As the vast majority of family-supporting jobs now require post-secondary training and education, children’s aspirations for college are nearly universal. Low-income and minority students are likely, though, to fall into yawning achievement gaps, or stumble over tuition costs, or bump up against parents’ anachronistic attitudes toward college and confusing protocols that keep them from matriculating – or convert them into attrition statistics.

That happens at no small expense to all of us. A 2002 Education Commission of the States study claims that if we were to increase minority students’ participation in college to that of white students, we would create an additional $231 billion in Gross Domestic Product and at least $80 billion in new tax revenues. We have front row seats for a seismic shift from an industrial to knowledge economy; we must find more ways to articulate the return on education to our nation’s overall wealth, to assert the public value of a liberal education in an era of global competition.

Bob Jones made it easy for this audience to agree right now: a liberal education is quickly becoming the price of admission to a twenty-first century knowledge economy. A liberal education prepares students for the reality they will encounter and meets the needs of employers and, with its grounding in ethics and social responsibility, prepares them for the world we want and deepens the nation’s talent pool for innovation.

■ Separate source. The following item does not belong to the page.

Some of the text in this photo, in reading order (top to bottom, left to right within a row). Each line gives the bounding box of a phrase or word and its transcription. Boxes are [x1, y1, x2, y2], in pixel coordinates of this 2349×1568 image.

But more precise definition of the essential outcomes of a liberal education for a student, state and nation requires empowering the entire community to enter the debate. Thus LEAP. With broad commitment and bold leadership, this initiative can help inform how government and educational institutions evolve to support citizens’ success in this time of flux, drive development of appropriate metrics to measure their effectiveness and assign responsibility for meeting those goals, and invite unprecedented partnerships to sustain it.

LEAP is a brilliant intervention at this critical moment. We talk a lot about affordability, access, graduation rates and accountability; LEAP forces that conversation to merge with an examination of the kinds of learning today’s college graduates need.

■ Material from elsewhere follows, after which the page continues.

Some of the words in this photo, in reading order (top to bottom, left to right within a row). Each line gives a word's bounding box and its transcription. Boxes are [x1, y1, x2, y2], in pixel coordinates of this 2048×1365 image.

  • It sidelines partisan rhetoric to center our focus for public policy on the real engine for smart growth and development – an intellectually agile workforce functioning as an ethical, engaged citizenry.

  • It responds to prevailing wisdom that business performance and national prosperity today depend on the creation and application of new knowledge, on our ability to innovate.

  • It reestablishes the value of the work of the academy in mining, maintaining and building knowledge.

  • It calls on the archetypal attributes of our nation’s founders: creativity, innovation, risk-taking and entrepreneurship.

  • It should trigger better understanding of how education policy from pre-kindergarten through grade 12 must be aligned in a continuum to support these goals, resulting in more cost-effective public investments. Think of LEAP as a powerful centrifugal force for necessary change.

  • Finally, LEAP builds on the strength of a democracy and, with its implicit demand for unprecedented partnerships, reinforces our democratic system.

Challenges lay ahead, notably the surprising lack of familiarity with the idea of a liberal education of so many students and their families. A generalized distrust of all that is modified as “liberal.” Too many students headed this way who think of their college education as a private rather than public good, ignorant to the fact that the public and private sectors already underwrite a significant portion of the cost.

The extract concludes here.